ENEM 2020 (Reaplicação) - A falta de empatia nas relações sociais no Brasil
Enviada em 28/07/2021
O livro Jogos Vorazes narra uma realidade utópica, na qual doze distritos são controlados por um governo autoritário nomeado como Capital. Para demonstrar seu poder arbitrário, a Capital realiza uma competição anual onde, obrigatoriamente, são sorteados dois participantes de cada distrito e colocados juntos dentro de uma arena para matarem uns aos outros, performando um espetáculo de crueldades. De maneira análoga à história fictícia, a questão da falta de empatia nas relações sociais, no Brasil, ainda enfrenta adversidades no que diz respeito à desumanização do próximo. Assim, pode-se analisar que essa problemática persiste pela negligência governamental e pela lenta mudança do histórico sociocultural do país. Desse modo, é fundamental que essa chaga social seja resolvida.
Em primeiro lugar, vale ressaltar a forma como a sociedade moderna ainda está ligada as raízes de crimes de ódio do passado. Nesse sentido, a Lei Áurea, aprovada em maio de 1888, determinou a abolição da escravatura mas não foi acompanhada por nenhuma medida que garantisse o sustento e a proteção dos ex-escravos. Consequentemente, os libertos enfrentaram inúmeras dificuldades para se integrarem de maneira igualitária no corpo social, dentre elas, o racismo. Sob essa ótica, pode-se afirmar que tal discriminação permanece atuante na contemporaneidade, uma vez que a população negra é a mais afetada pela violência e pela desigualdade no Brasil, conforme alerta a ONU. Evidencia-se, então, que a herança cultural da marginalização desses indivíduos, simultânea a de outros grupos oprimidos, contribui para a manutenção desse lastimável cenário.
Somado a isso, é preciso apontar a escassez de políticas públicas satisfatórias que visem educar e conscientizar a população sobre as consequências do individualismo descomedido. Essa omissão estatal é grave, visto que o conhecimento educacional sobre o que é ser empático com o próximo torna-se indispensável para o aniquilamento dos preconceitos enraizados e para a mudança da atual realidade. Ademais, é igualmente necessário destacar que a ausência de debates a respeito do assunto, nos veículos de informações em massa, gera um distanciamento em torno da questão.
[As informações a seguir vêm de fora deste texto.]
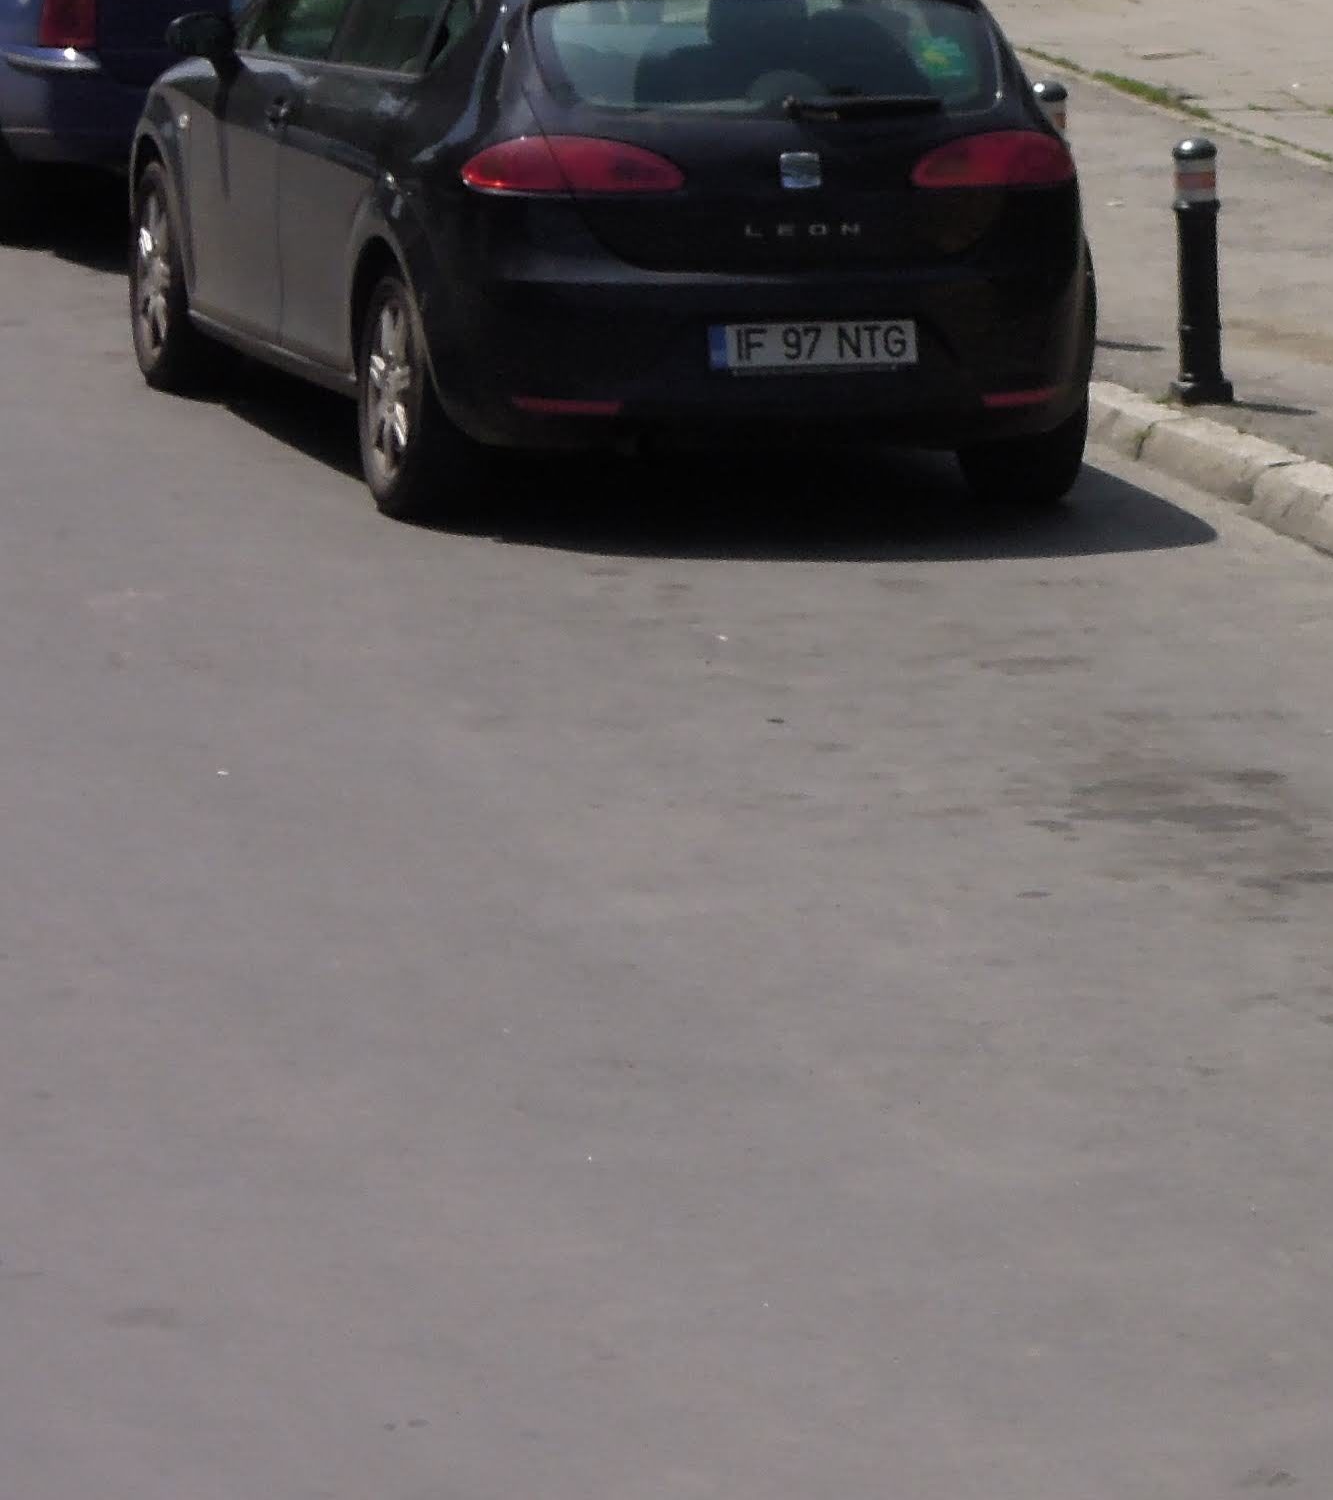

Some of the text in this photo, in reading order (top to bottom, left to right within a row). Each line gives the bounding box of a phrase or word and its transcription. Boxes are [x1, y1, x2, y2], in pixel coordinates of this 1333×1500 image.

[744, 223, 862, 238] LEON
[736, 324, 908, 362] IF 97 NTG
Infere-se, por fim, que são essenciais medidas eficazes para a reversão dessa problemática. Para isso, compete ao Ministério da Educação a integração de matérias relacionadas ao convívio social na grade curricular dos estudantes, com a finalidade de instaurar, desde cedo, a compreensão sobre a necessidade de respeito entre os seres humanos. Além disso, o Ministério das Comunicações deve promover uma intensa campanha sobre a temática empatia nas redes sociais, visando alcançar um público abrangente, por meio de postagens e ilustrações explicativas. Desse modo, observar-se-ia uma sociedade moderna menos egoísta.